We read with great interest the review by Verlohren and Droge on the diagnostic value of angiogenic and antiangiogenic factors in the differential diagnosis of preeclampsia.
We noted that the INSPIRE trial is incorrectly mentioned in Table 1 as a retrospective observational study. INSPIRE was a pragmatic randomized clinical trial assessing the real world performance of the test when incorporated into clinical practice in comparison with standard clinical assessment alone. The level of evidence and the implications for future guideline derivation are significantly different between a retrospective observational study and a randomized clinical trial, and we believe that this error should be corrected.

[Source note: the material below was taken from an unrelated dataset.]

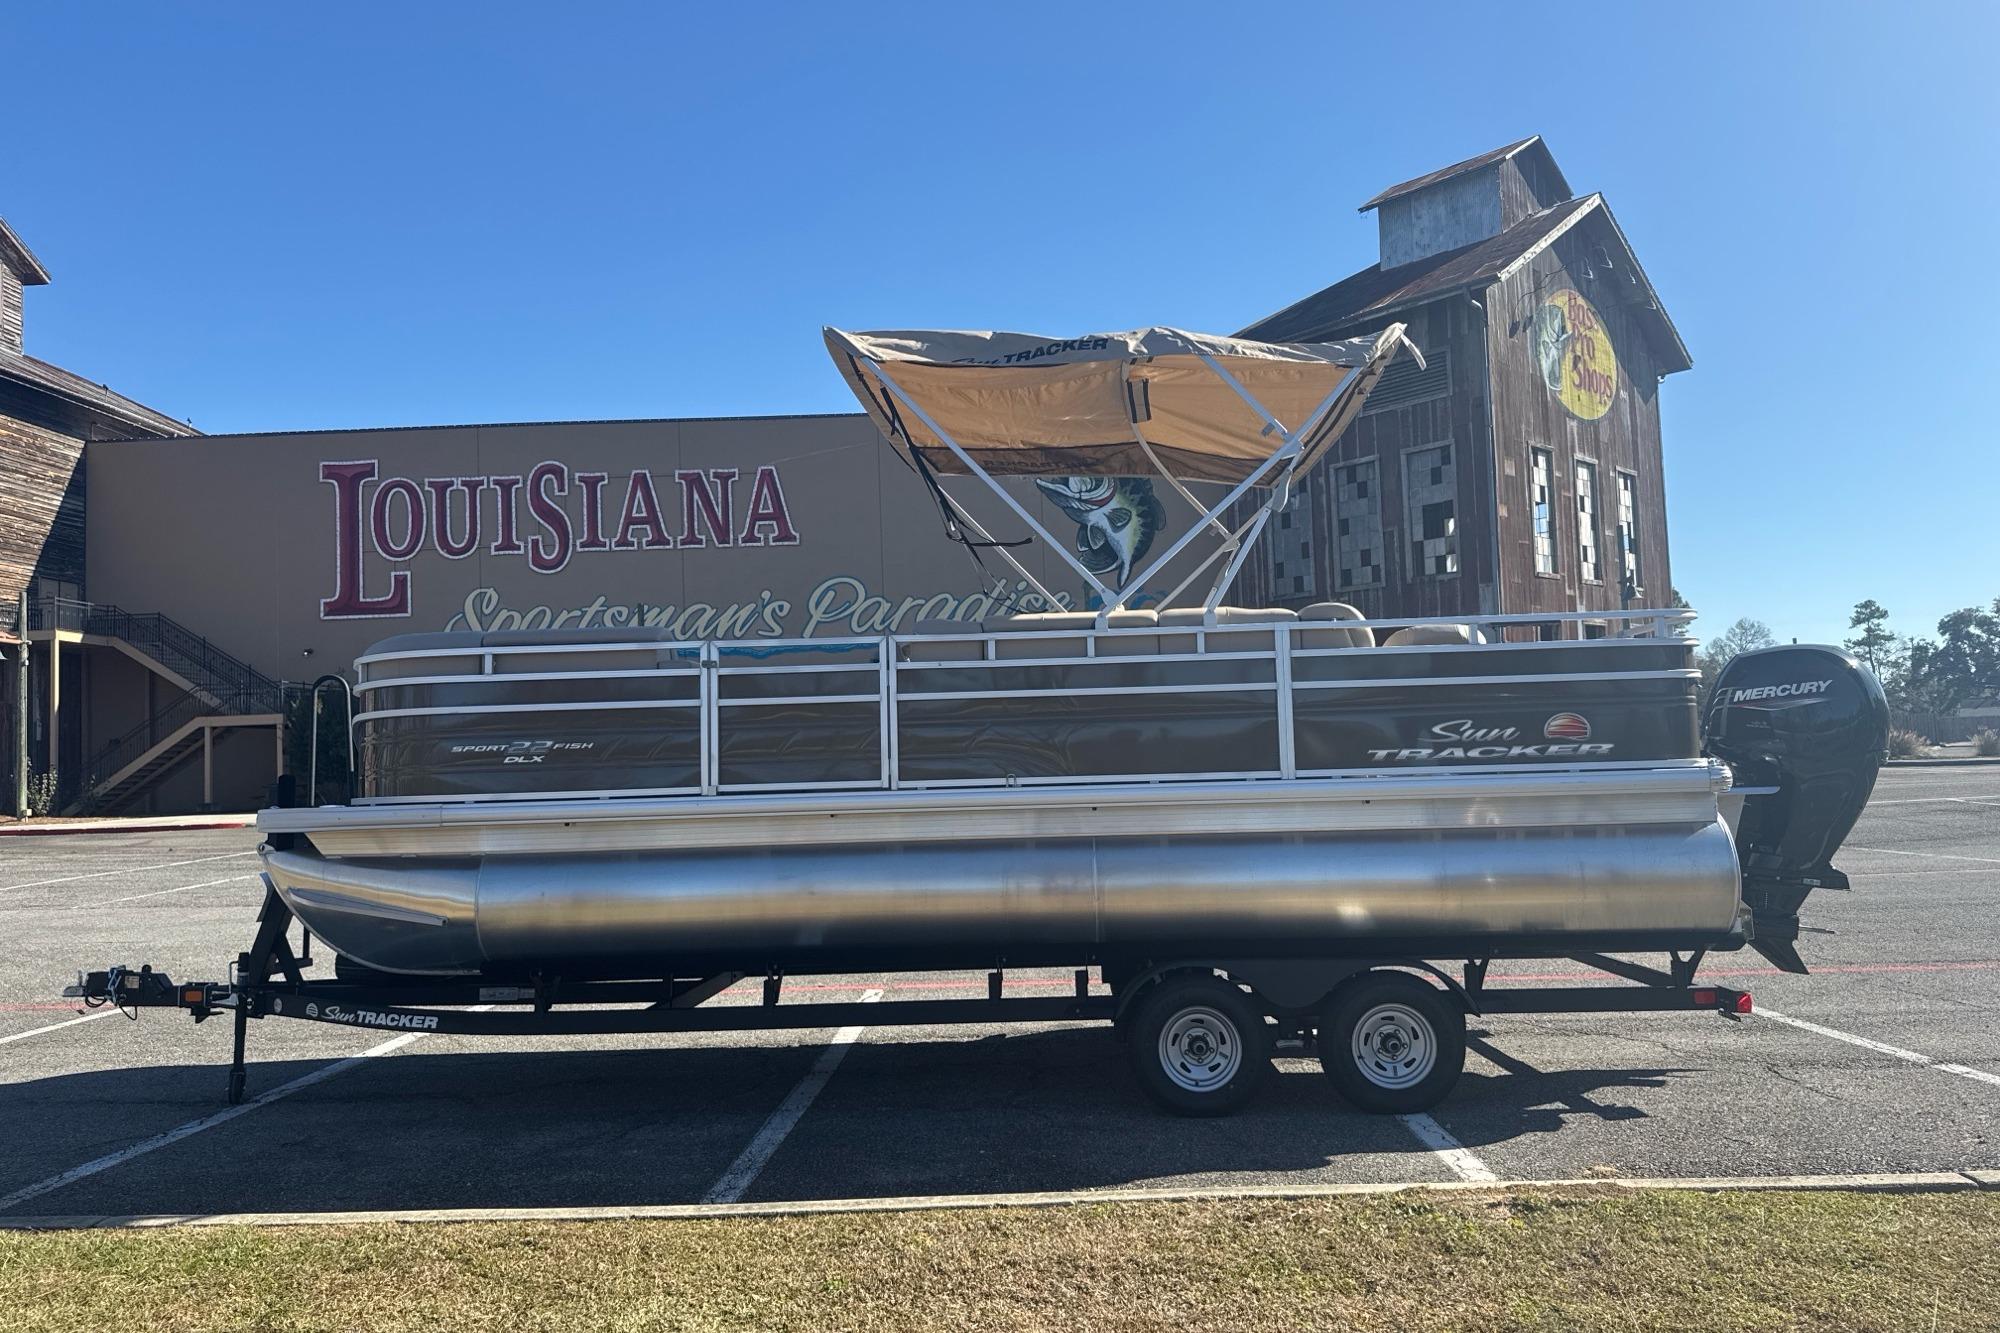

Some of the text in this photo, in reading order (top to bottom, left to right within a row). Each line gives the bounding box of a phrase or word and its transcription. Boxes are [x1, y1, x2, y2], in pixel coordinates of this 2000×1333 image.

Furthermore, it should be noted that the INSPIRE-reported negative predictive value of 100% (95% confidence interval [CI], 97.1–100) to rule out preeclampsia in 7 days (cutoff soluble fms-like tyrosine kinase-1/placental growth factor [sFlt-1/PlGF] ratio ≤38) corresponds to the incorporation of the test into standard clinical practice, that is, clinical judgment with the knowledge of the test result. The test alone has a negative predictive value of 99.2% (95% CI, 95.8–100). Finally, we have also recently reported (in a posthoc analysis of the INSPIRE trial) the performance of a sFlt-1/PlGF ratio ≥85, showing that this confers a positive predictive value of 71.4% (95% CI, 51.3%–86.8%) for ruling in preeclampsia within 4 weeks.
A.S.C. and M.V. received speaker fees from Roche Diagnostics. This is classified as a modest disclosed relationship. The remaining authors report no conflict of interest.
The authors report no funding sources.